Neste 21 de setembro em que se rememora a data da morte de Arthur Schopenhauer, em 1860, diga-se isso. Por dois motivos: um doutrinário, outro de ocasião.
Doutrinário. De fato, no cerne da sua metafísica encontra-se a nomeação de uma Vontade cósmica, atividade que anima a todos os seres, em sua ânsia de vida. Essa Vontade está inteira e indivisa, diz, tanto em um carvalho quanto em um milhão deles. É o assim chamado monismo da Vontade, que seria a essência nossa e do mundo.
Conforme esse monismo, quando alguém morre, a sua individualidade permanece, pois esta é um ato da Vontade cósmica imperecível que pode reaparecer em outro humano ou animal, sem consciência de sua vida pretérita. Sendo assim, ninguém morre, somos como a folha da árvore, que cai agora, mas retorna na próxima primavera na mesma árvore.
Portanto, doutrinariamente, Schopenhauer não morreu.
O motivo de ocasião. Num mundo assolado pela hipocrisia sistêmica, em que parecer ser vale mais que ser, nada mais salutar que reler o grande mestre da suspeita, o mestre do desmascaramento que foi o filósofo germânico.
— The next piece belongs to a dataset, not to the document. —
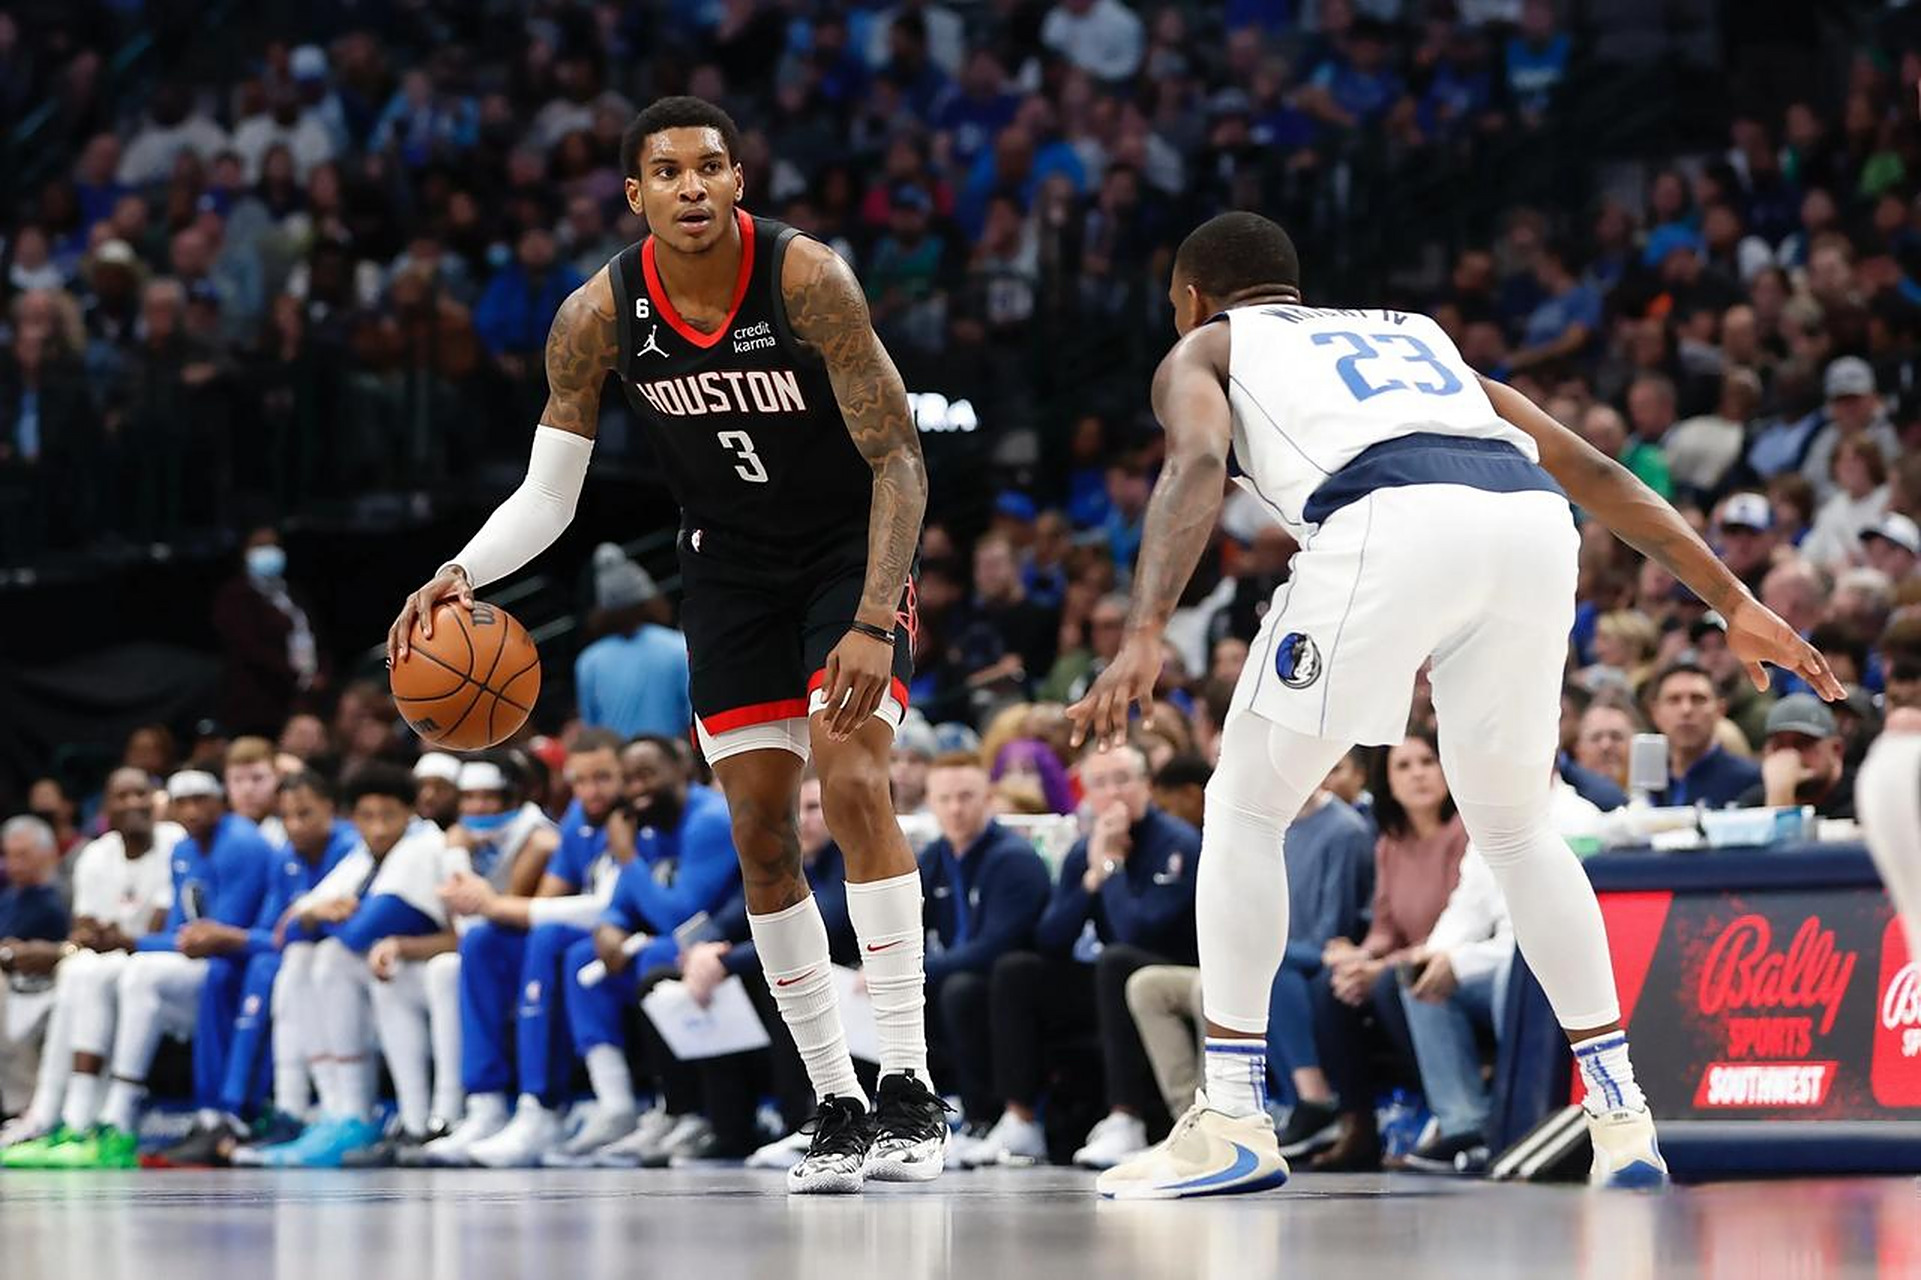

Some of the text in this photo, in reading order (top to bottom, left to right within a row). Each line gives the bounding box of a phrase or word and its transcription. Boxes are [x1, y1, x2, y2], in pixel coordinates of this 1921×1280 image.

Filósofo que descobriu a dimensão das motivações inconscientes por trás das aparências;
filósofo da metafísica do amor sexual;
que não gostava do Antigo Testamento, demasiado vingativo, e elogiou no Novo Testamento, devido à virtude da compaixão;
que dizia que era preciso ter cuidado ao negociar com padres e mulheres, duas classes muito inteligentes na mesa de trocas;
que disse que o caráter é imutável, com o que a criança é o pai do adulto, mais ou menos no sentido de quem diz: pau que nasce torto, morre torto;
que concebia o humano como naturalmente mau, a ponto de matar um irmão para engraxar o próprio sapato com a banha dele;
que acreditava que o humano originário era negro e não branco;
que vislumbrou as viagens de turismo como fuga do tédio;
que elogiou a prudência de vida (nem tanto ao mar, nem tanto à terra);
precursor da ética animal;
etc.
Numa época de tantos lugares-comuns do politicamente correto que descamba em posturas rígidas e engessadas, inclusive nos meios intelectuais, é salutar a liberdade de pensamento e opinião no uso público do discurso. Nesse sentido, nada mais adequado que um filósofo que se orgulhava de ser o mestre do desmascaramento.
Raul Seixas não morreu. Elvis Presley não morreu. Belchior não morreu. Schopenhauer também não morreu.